-- WHAT IS NEEDED --
Leaving the pictures aside, repeat each line below exactly.

-- EXTRACTED INFORMATION --
----
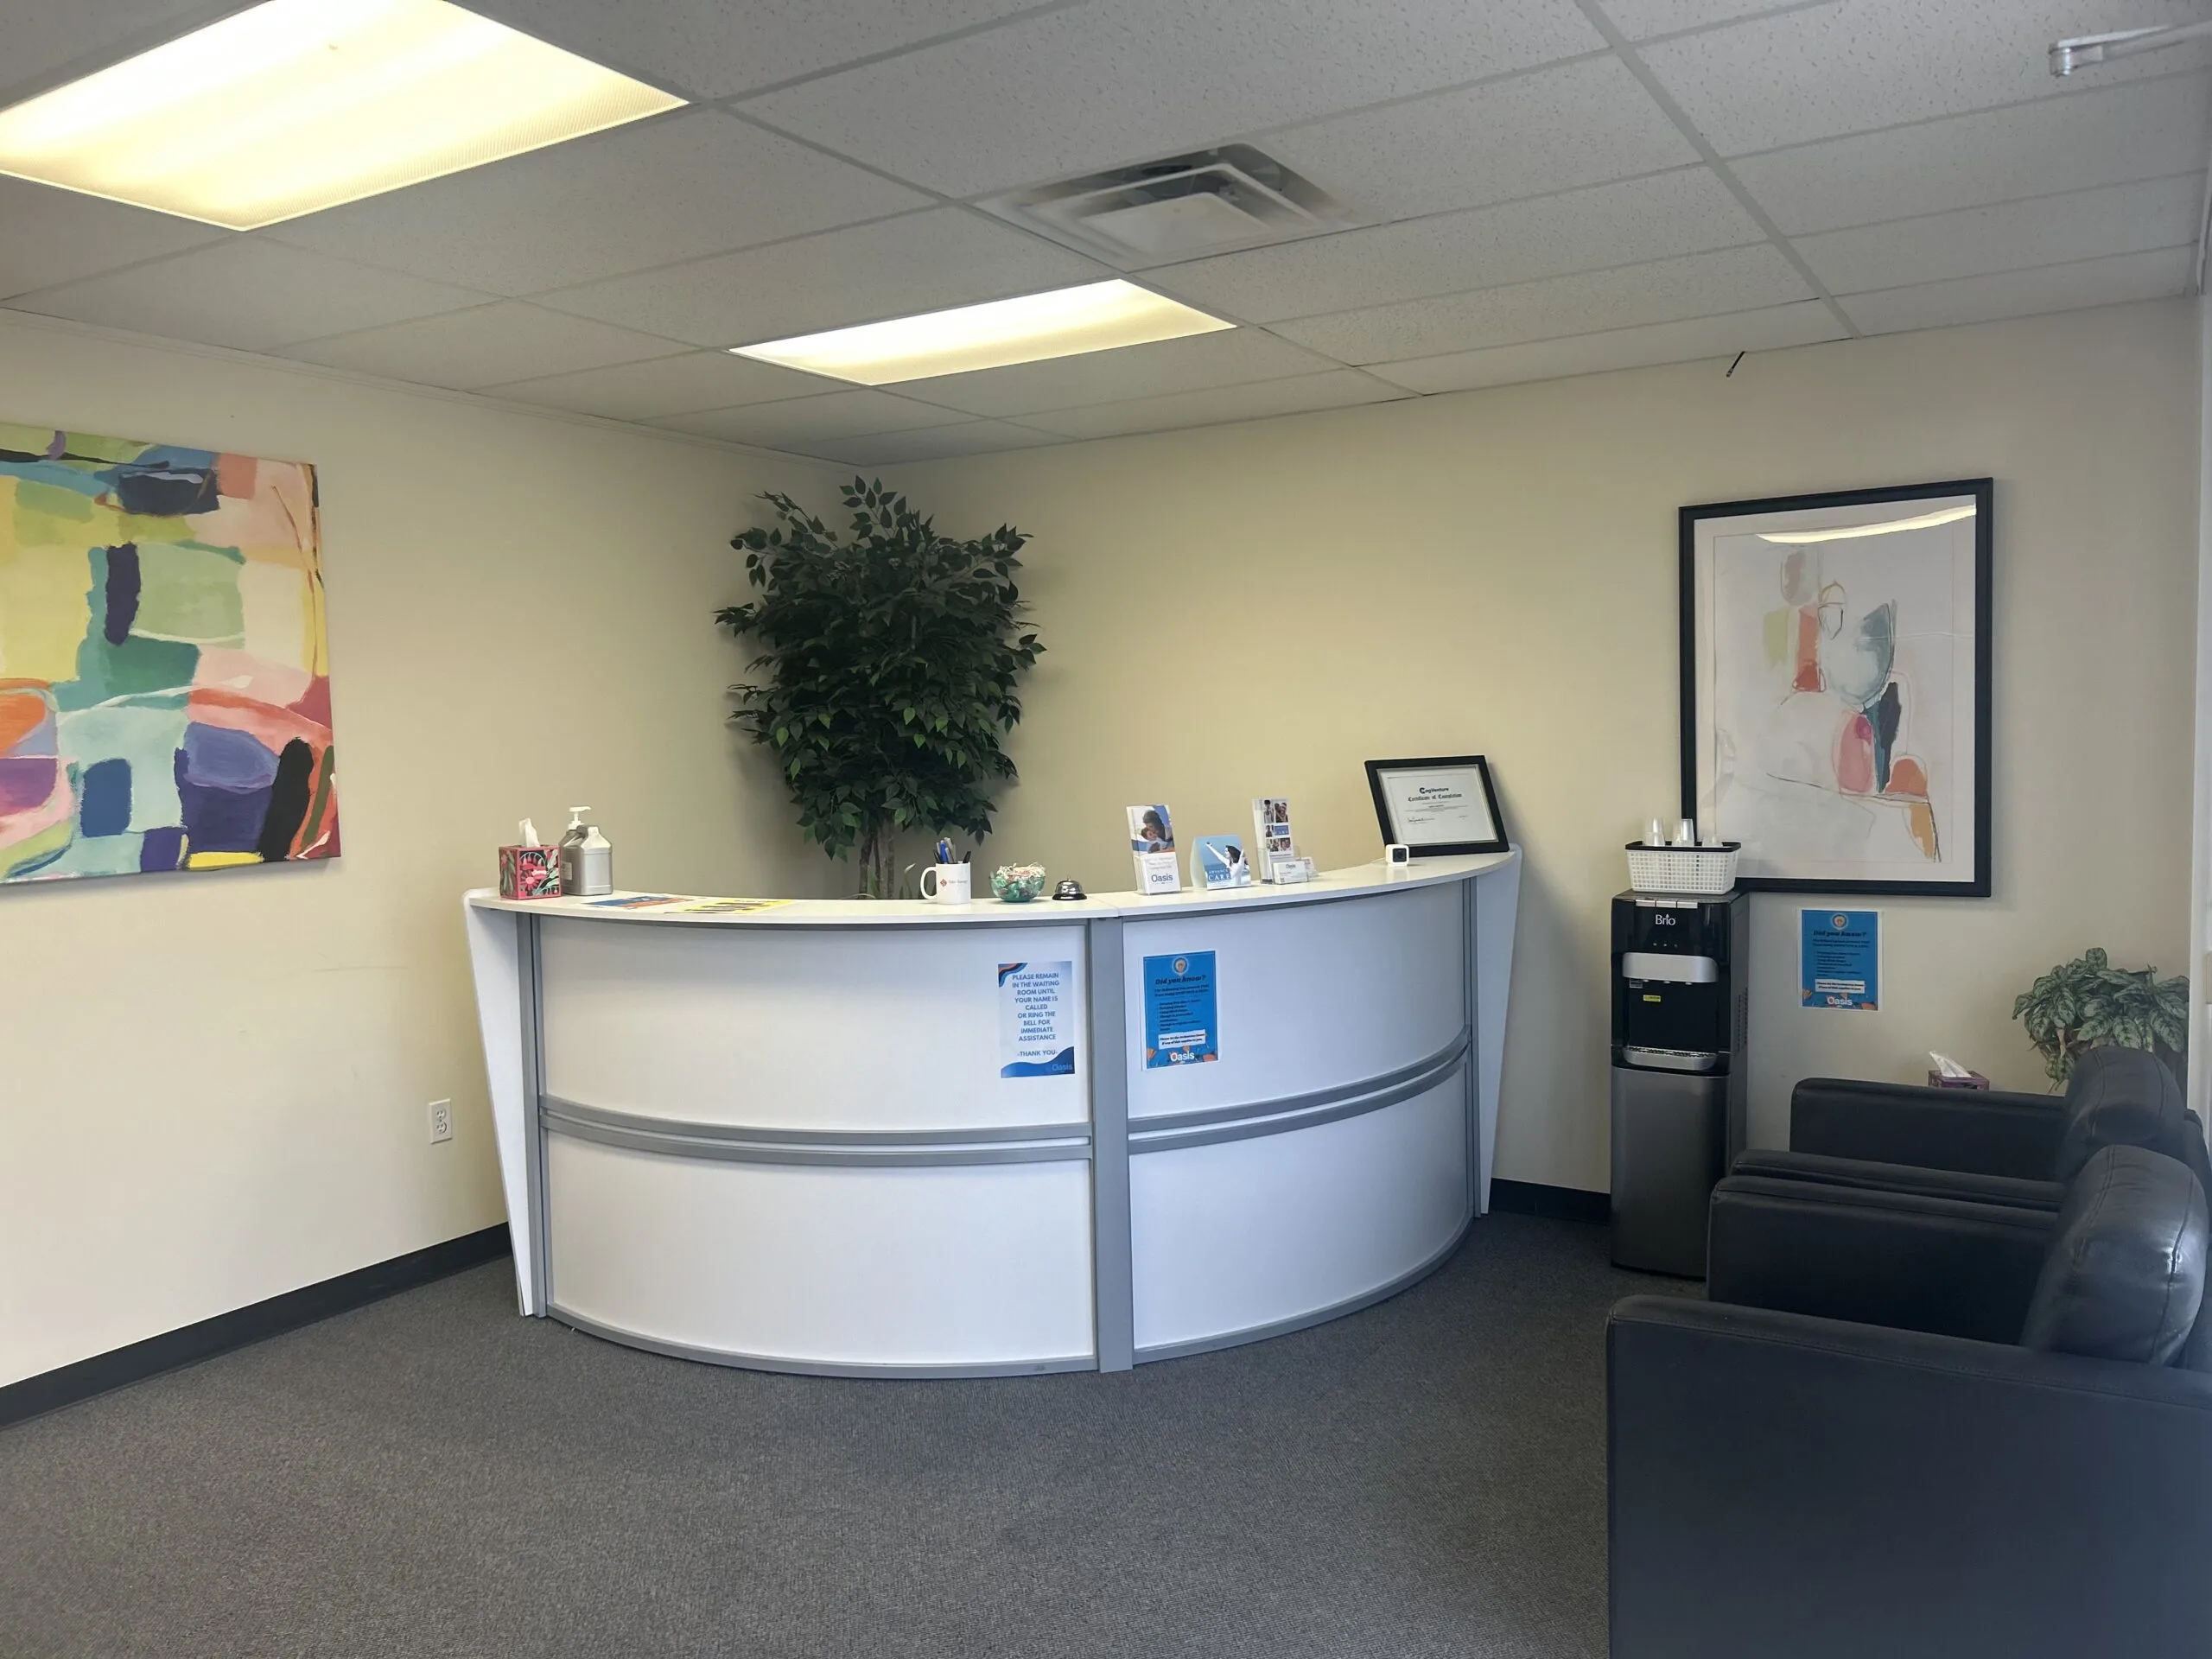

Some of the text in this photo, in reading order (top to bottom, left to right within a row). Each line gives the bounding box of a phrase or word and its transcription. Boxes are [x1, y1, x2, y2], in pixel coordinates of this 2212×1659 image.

[1152, 874, 1173, 882] Oasis
[1656, 914, 1675, 925] Brio
[1171, 1051, 1195, 1062] Oasis
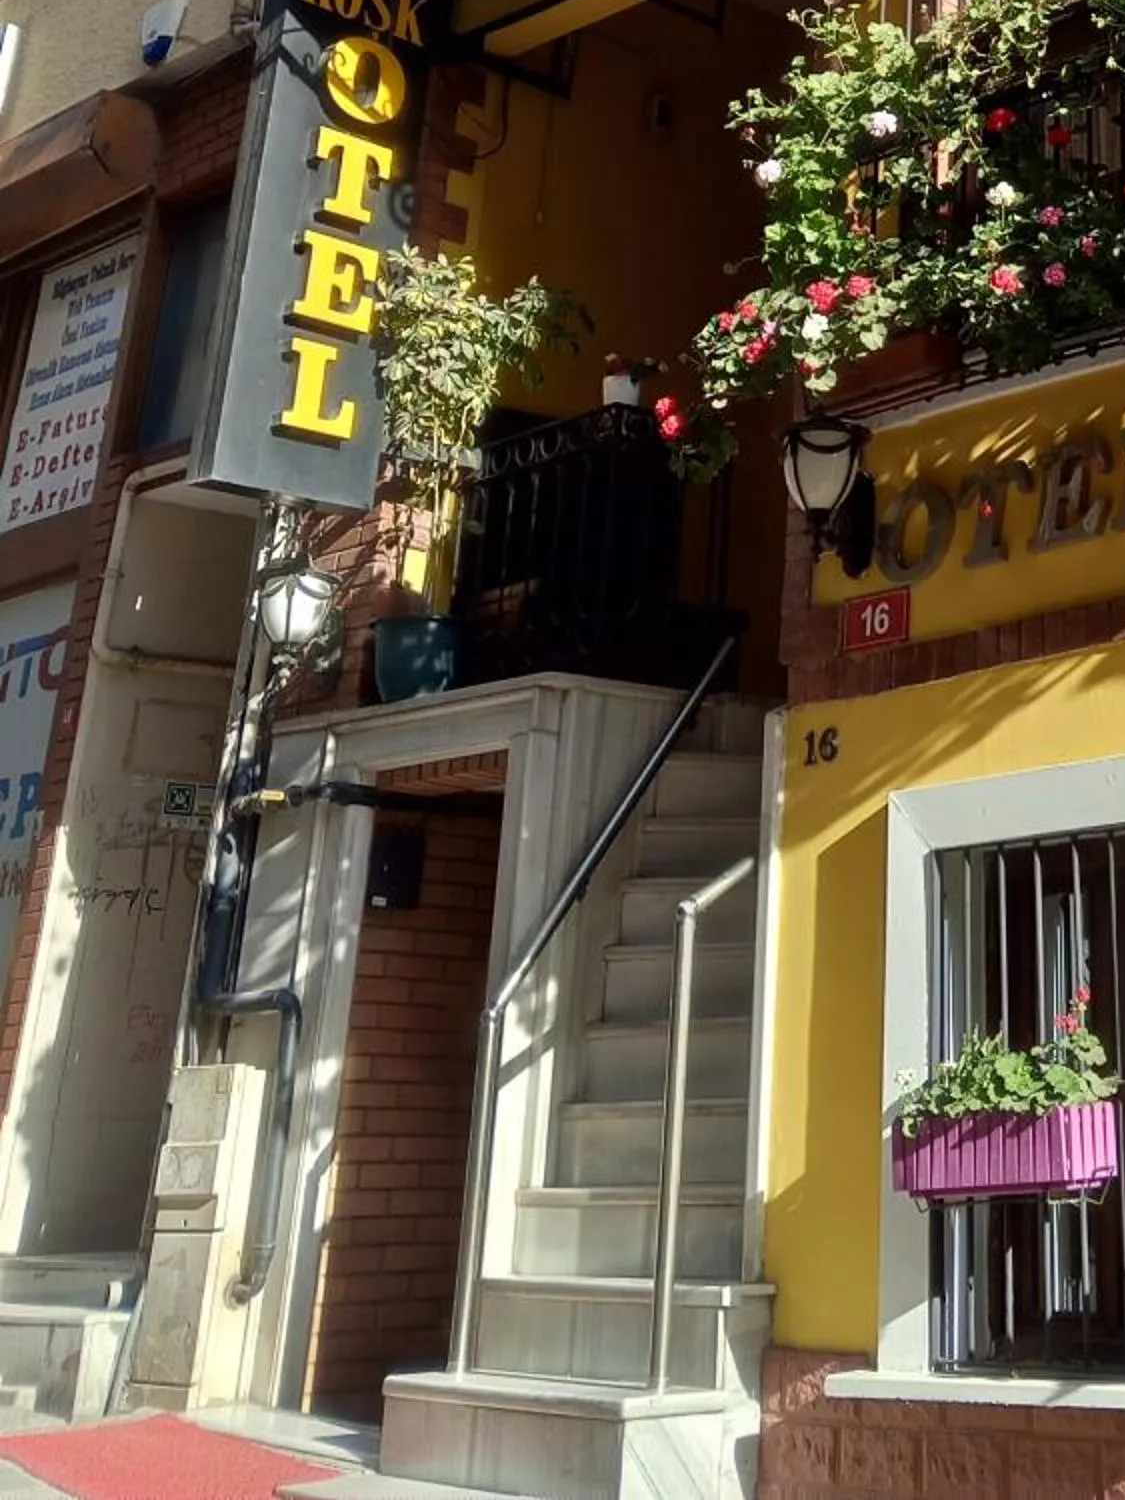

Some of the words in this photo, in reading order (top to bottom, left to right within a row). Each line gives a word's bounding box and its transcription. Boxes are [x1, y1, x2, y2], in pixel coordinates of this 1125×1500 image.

[281, 34, 406, 442] OTEL
[859, 602, 891, 637] 16
[802, 726, 840, 765] 16
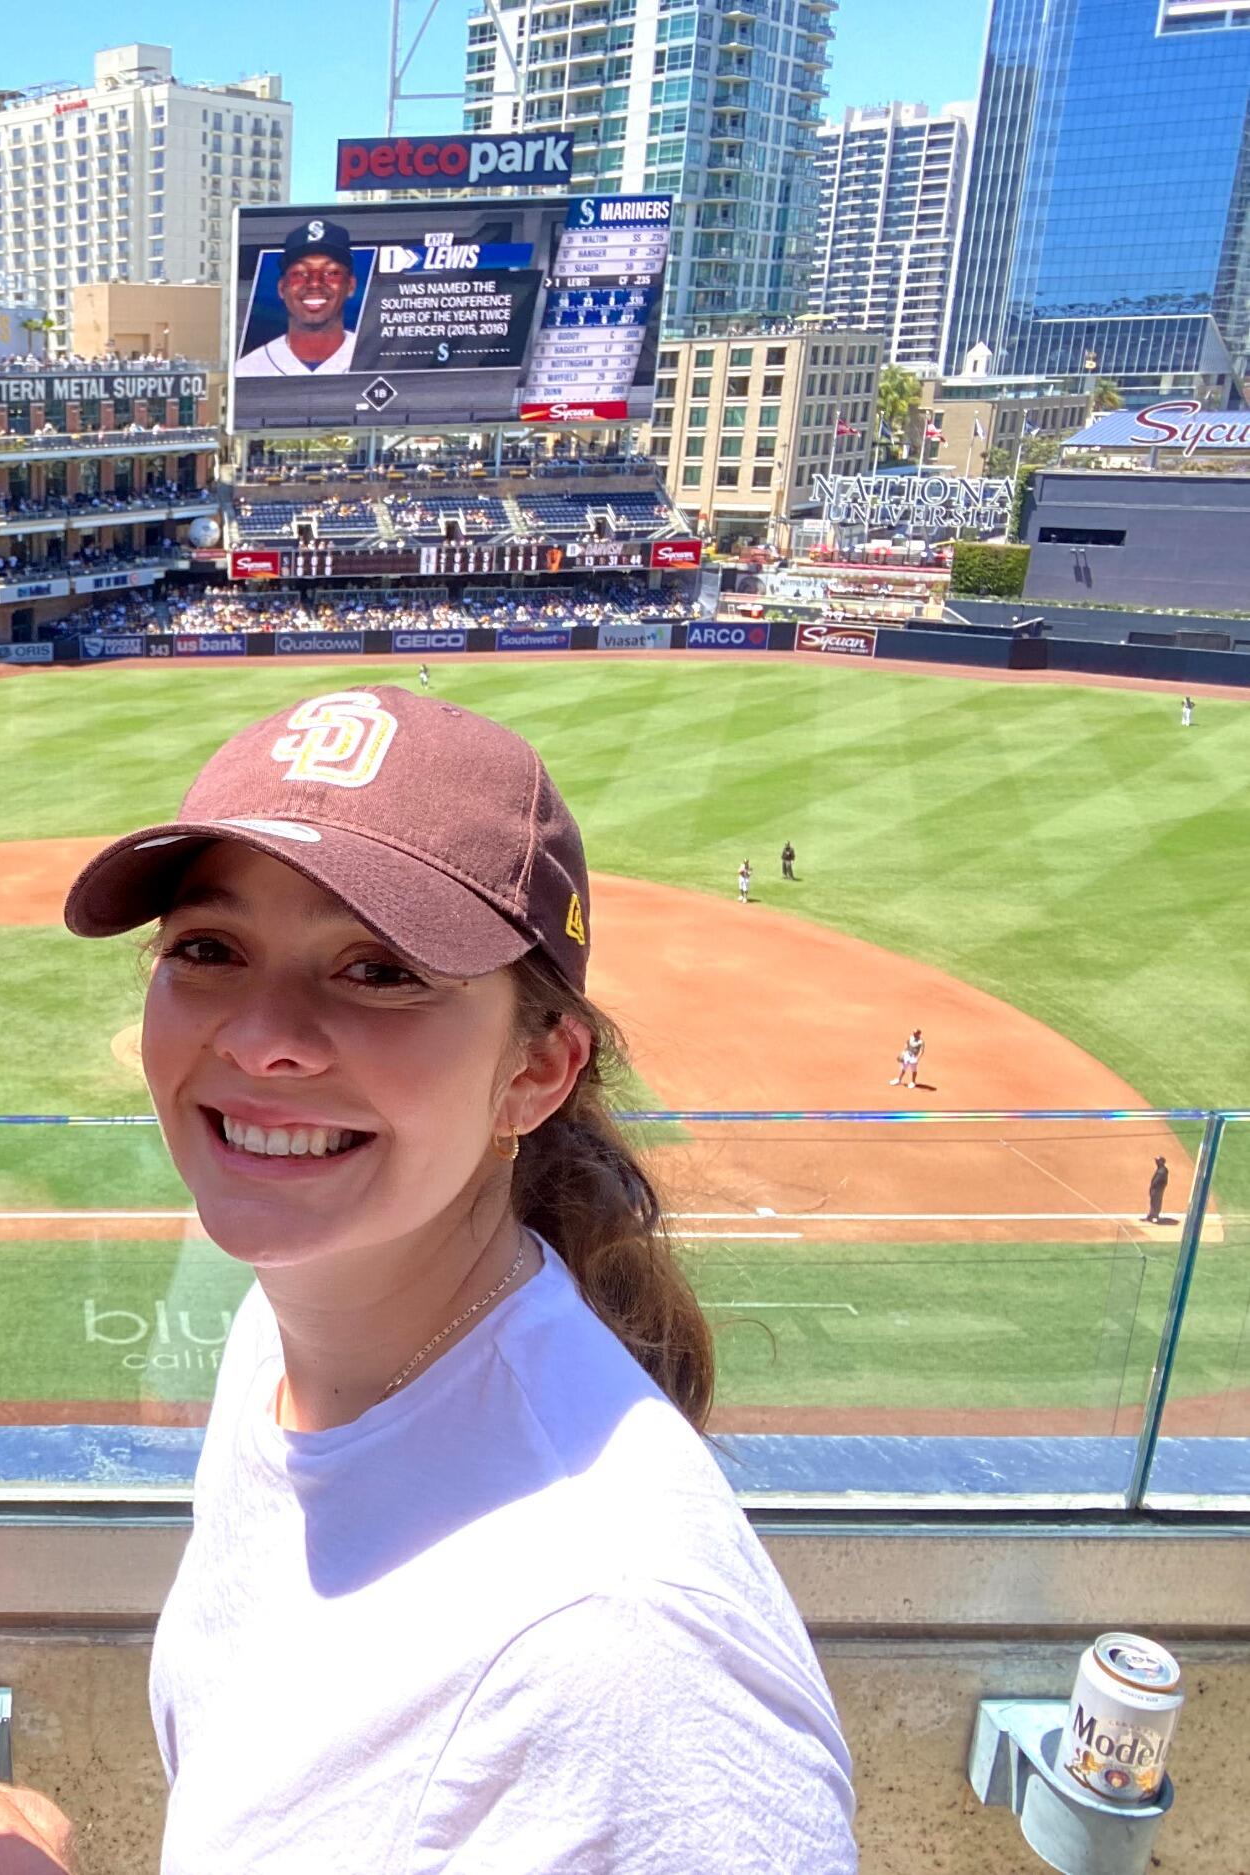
----
-- TASK OUTPUT --
Some of the text in this photo, in reading order (top to bottom, left to right within a row). Each line gives the bounding box of a phrase or word and its transcription. Boxes are [x1, y1, x2, y2], in pixel coordinates of this 2212×1659 image.

[1152, 874, 1173, 882] Oasis
[1656, 914, 1675, 925] Brio
[1171, 1051, 1195, 1062] Oasis

Some of the words in this photo, in reading order (top to bottom, left to right within a row). Each line gives a word's bounding box and its transcription. Boxes are [x1, y1, x2, y2], in pixel coordinates of this 1125×1500 image.

[281, 34, 406, 442] OTEL
[859, 602, 891, 637] 16
[802, 726, 840, 765] 16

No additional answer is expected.